For some reason it seems if I disable checksum validation in CloudFiles instead, there is no speed improvement.

william-silversmith commented 1 year ago

I wonder if this big difference is the google storage client using crcmod (pure python) instead of crcmod (compiled version). Whichever, it doesn't matter as it's duplicative work. Thanks for the PR, I'll test this.

william-silversmith commented 1 year ago

I looked into the GCS library, and we're using the same hash implementation (hashlib.md5). The only difference I can see is that they're using a blocked reading strategy so maybe for reasonably sized files this is slower?

william-silversmith commented 1 year ago

S3 probably has the same double validation logic. Trying to figure out what to do about it.

ranlu commented 1 year ago

I wonder if all or most the vendors cloud-files supports supports checksum validation, if so we can also disable the validation in cloud-files, but the speed penalty for GCS is a bit alarming.

william-silversmith commented 1 year ago

I'm trying to remember why I did download validation. It might be that I wasn't sure if GCS and s3 libraries were doing it. For uploads, I believe you have to manually provide the md5 (which we do).

ranlu commented 1 year ago

Make senses, I suppose the md5sum are needed to validate the updated data is not corrupted.
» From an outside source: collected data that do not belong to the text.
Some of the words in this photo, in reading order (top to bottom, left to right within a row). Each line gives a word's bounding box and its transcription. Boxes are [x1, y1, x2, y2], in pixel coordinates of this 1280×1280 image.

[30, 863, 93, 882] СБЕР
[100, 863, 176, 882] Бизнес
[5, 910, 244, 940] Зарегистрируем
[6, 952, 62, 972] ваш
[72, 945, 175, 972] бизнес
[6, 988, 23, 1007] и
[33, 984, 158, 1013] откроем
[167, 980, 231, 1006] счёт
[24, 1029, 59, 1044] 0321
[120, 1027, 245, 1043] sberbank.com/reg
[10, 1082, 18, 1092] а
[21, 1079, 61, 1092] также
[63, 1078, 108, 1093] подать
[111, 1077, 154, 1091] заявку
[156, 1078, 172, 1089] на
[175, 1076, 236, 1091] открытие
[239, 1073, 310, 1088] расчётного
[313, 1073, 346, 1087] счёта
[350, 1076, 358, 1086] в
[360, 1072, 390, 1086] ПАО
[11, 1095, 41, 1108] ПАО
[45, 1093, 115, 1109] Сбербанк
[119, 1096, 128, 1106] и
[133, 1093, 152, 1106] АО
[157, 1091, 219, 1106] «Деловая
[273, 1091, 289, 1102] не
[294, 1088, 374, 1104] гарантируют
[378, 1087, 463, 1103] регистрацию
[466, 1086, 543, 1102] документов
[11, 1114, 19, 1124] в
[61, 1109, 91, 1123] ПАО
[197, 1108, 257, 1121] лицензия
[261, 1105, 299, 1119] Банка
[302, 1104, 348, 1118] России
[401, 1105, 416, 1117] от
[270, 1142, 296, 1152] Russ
ranlu commented 1 year ago

BTW, we should disable checksum in GCS client for range request anyway. at the moment when downloading sharded objects like skeletons, there are tons of errors like this if I use logging:

2023-09-01 07:40:14 INFO     No MD5 checksum was returned from the service while downloading https://storage.googleapis.com/download/storage/v1/b/xxxxxxxx/o/skeletons_mip_1%2F0494.shard?alt=media
(which happens for composite objects), so client-side content integrity checking is not being performed.
william-silversmith commented 1 year ago

I did some testing and I do see a decrease of about 1 second in user time for downloading 32 10MB files using this PR. I got a similar improvement by removing CloudFiles' checksum code. I'll just accept your PR now since the range requests are causing inappropriate logging from the Google checksum.